Sketch is hardly the first and almost certainly won’t be the last app to leave the store. Last year, one of the flagship apps for the Mac — BBEdit — pulled out. The list of apps that aren’t in the store is a long one, and it includes many I personally use every single day: Bartender, BBEdit,Dropbox, f.lux, Google Chrome, Hazel, Keyboard Maestro, Little Snitch,Microsoft Office, and TextExpander, among many others.
Why, when there’s a software storefront built into every copy of OS X, would developers opt out of that store? Talk to developers, and a few main reasons emerge.
App by app
The decision about whether or not to put an app in the store often depends on the app itself.

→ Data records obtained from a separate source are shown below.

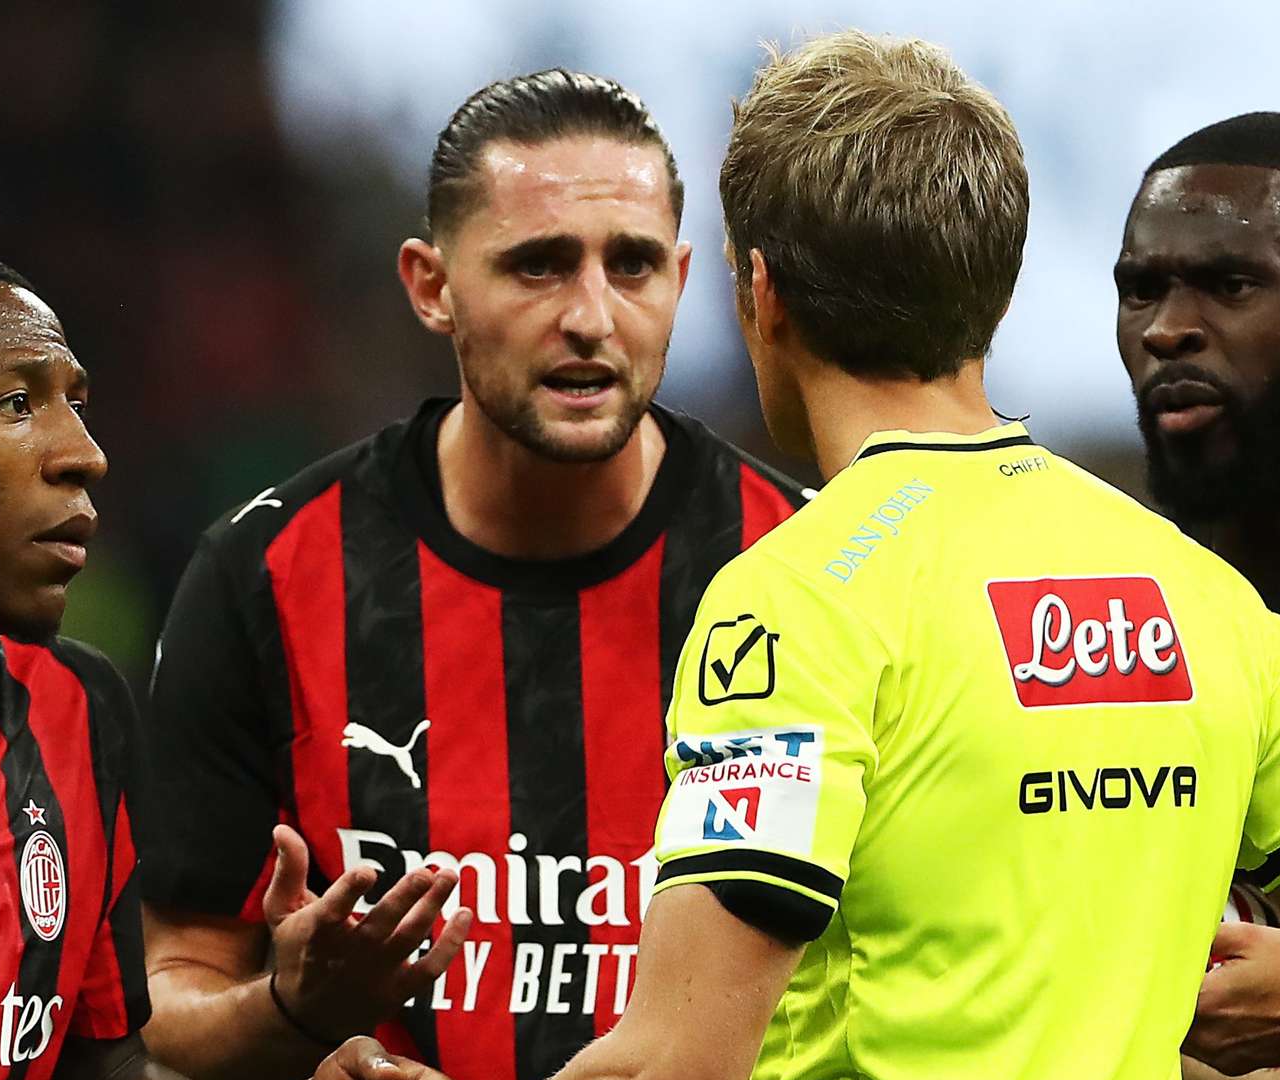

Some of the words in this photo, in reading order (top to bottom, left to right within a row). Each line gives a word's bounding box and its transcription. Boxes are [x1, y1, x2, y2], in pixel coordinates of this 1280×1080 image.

[999, 457, 1049, 477] CHIFFI
[825, 524, 883, 583] DAN
[869, 478, 934, 536] JOHN
[1014, 593, 1178, 687] Lete
[680, 762, 812, 786] INSURANCE
[1019, 766, 1197, 814] GIVOVA
[337, 827, 661, 926] Emirat
[509, 942, 640, 1014] BETT

For example, Rob Griffiths of Many Tricks calls his roster a “befuddled mix. Its Butler and Leech utilities have never been in the MAS because they do things Apple doesn’t allow (more on that in a bit). But its Desktop Curtain, Keymo, Moom, Name Mangler, Time Sink, Usher, and Witch apps are all in the App Store.
(Image: Smile Software)
Smile Software is best known for two apps: TextExpander and PDFpen. TextExpander started out in the store but left after Apple changed some of the technical rules. PDFpen and PDFpenPro are both still there.
Running with Crayons, which makes the utility Alfred, cuts it even finer: The free version of Alfred 1 was available on the MAS from the get-go, and it still is. But the company sells the updated paid version — Alfred 2 — directly.

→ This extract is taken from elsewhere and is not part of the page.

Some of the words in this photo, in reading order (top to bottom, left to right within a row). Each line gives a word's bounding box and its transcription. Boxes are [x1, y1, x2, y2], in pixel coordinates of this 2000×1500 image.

And for still other devs, the correct response to the “Sell it ourselves or on the MAS?” question is “both.” For example, the Omni Group (makers of OmniFocus, OmniOutliner, and other fine apps) sells its software both through the MAS (“letting you purchase, download, and install our apps with just one step,” says CEO Ken Case) and directly from its own site (where it can offer trial and beta downloads, pricing upgrades, and discounts for volume purchases).
The deal breaker
The choice of whether to be in the store or not often comes down to what a developer wants a specific app to do. And that choice often hinges on one word: “sandboxing.”
In 2012, Apple introduced a new requirement for apps that would be sold from the Mac App Store: They had to be “sandboxed,” meaning they were given limited access to system files and resources. They were, metaphorically, each kept in their own separate “boxes.” Those restrictions were designed to reduce the risks of malware gaining access to your Mac’s most sensitive bits. But they effectively tied the hands of software developers.